Un important pas vers la protection des enfants : les députés ont voté à l'unanimité la proposition de loi visant à mieux encadrer les violences à l'école et en milieu périscolaire, suite à la commission d'enquête sur le scandale de Bétharram.
Peu avant minuit, les députés ont approuvé ce texte en première lecture avec un score de 187 voix pour et aucune contre.
Ce dispositif renforce notamment le contrôle des intervenants en contact avec les enfants, et vise également à mieux réguler les établissements privés. Il maintient cependant le secret de la confession pour les ministres du culte.
À l'issue du vote, la rapporteure Renaissance de la loi, Violette Spillebout, a tenu à s'adresser aux victimes présentes dans les tribunes, affirmant : "On est avec vous" tout en les rejoignant après le vote avec Paul Vannier, co-auteur de la proposition.
Vannier, député LFI, a exprimé son émotion après ce long processus de rédaction et a encouragé le gouvernement à inscrire cette loi à l'ordre du jour du Sénat, afin d'entrer en vigueur dès la rentrée prochaine.
En 2025, Spillebout et Vannier avaient dirigé la commission d'enquête sur les violences scolaires, interrogeant des figures politiques comme François Bayrou sur sa connaissance des abus au sein de l'établissement Notre-Dame-de-Bétharram.
Ce projet de loi a émergé après plusieurs mois de travail et d'auditions, rassemblant plus de 150 députés de divers partis.
- Une adoption dans l'urgence -
Le vote a finalement été unanime, malgré un débat tumultueux et des conditions de dernière minute imposées aux députés, qui n'avaient que quelques heures avant minuit pour examiner le texte.

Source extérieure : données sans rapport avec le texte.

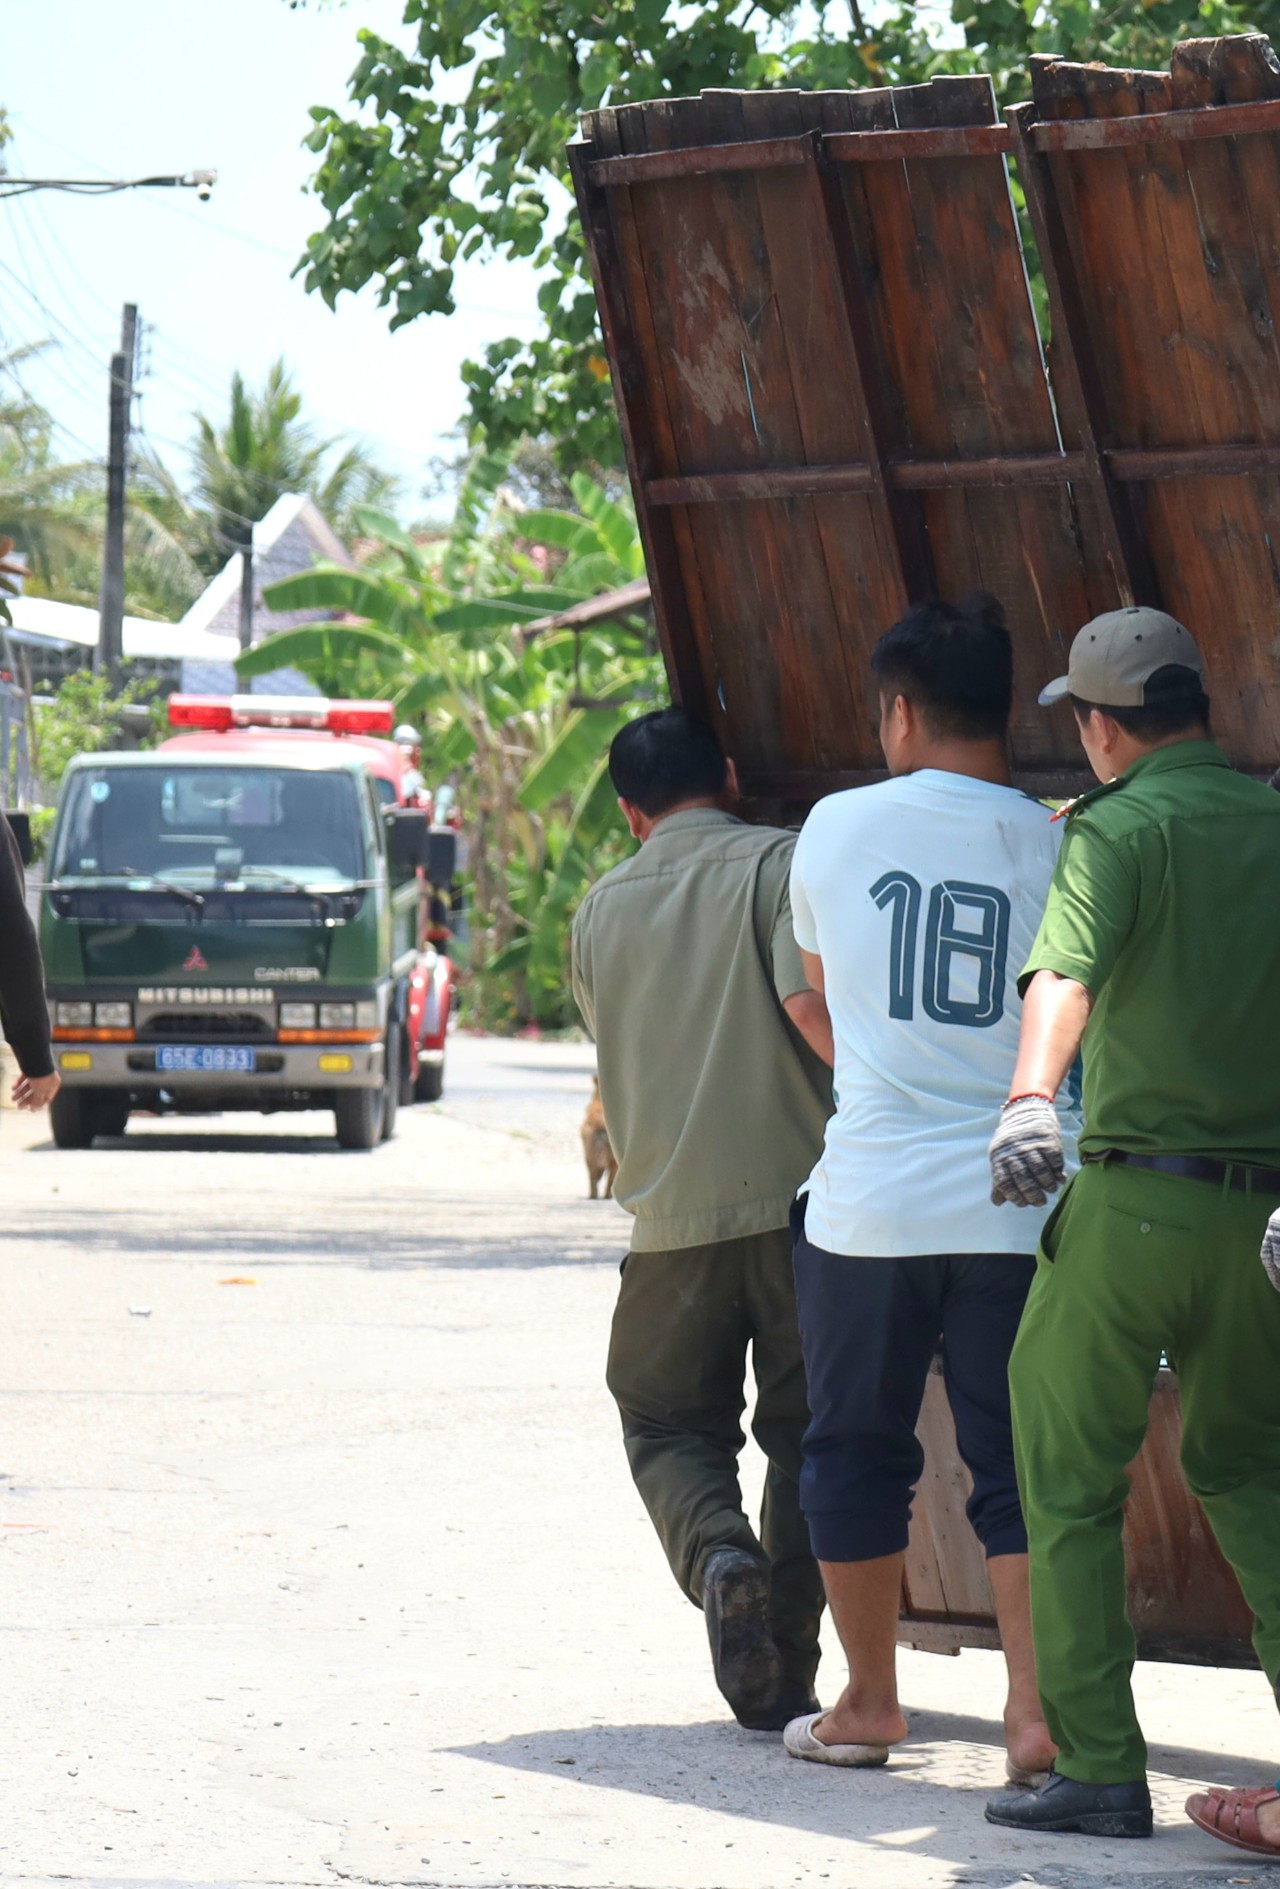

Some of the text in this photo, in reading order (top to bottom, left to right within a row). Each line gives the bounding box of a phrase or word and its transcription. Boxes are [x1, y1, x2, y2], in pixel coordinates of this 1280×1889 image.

Le groupe dirigé par Gabriel Attal a rejeté une proposition de loi collaborative, ce qui a limité le temps alloué à la discussion.
Des mesures controversées, comme l'obligation pour les prêtres de dénoncer des abus entendus en confession, avaient suscité des réactions vives de la part des députés de droite et d'extrême droite, compliquant l’unanimité.
Un compromis a finalement été atteint, y compris la suppression de la mesure concernant le secret de la confession, permettant ainsi de passer au vote global. Vannier a expliqué à l'AFP qu'il s'était abstenu pour faciliter l'adoption rapide de cette législation essentielle.
Le texte propose également une déclaration symbolique de la Nation pour condamner ces violences et reconnaitre l'inefficacité du contrôle de l'État dans ce domaine. Une journée d’hommage aux victimes est instaurée pour le 19 novembre.
- Périscolaire à Paris -
Initialement, la loi visait à établir un fonds national d’indemnisation pour les victimes, mais le gouvernement a jugé cela impraticable, remplaçant cette idée par un seul rapport sur la question.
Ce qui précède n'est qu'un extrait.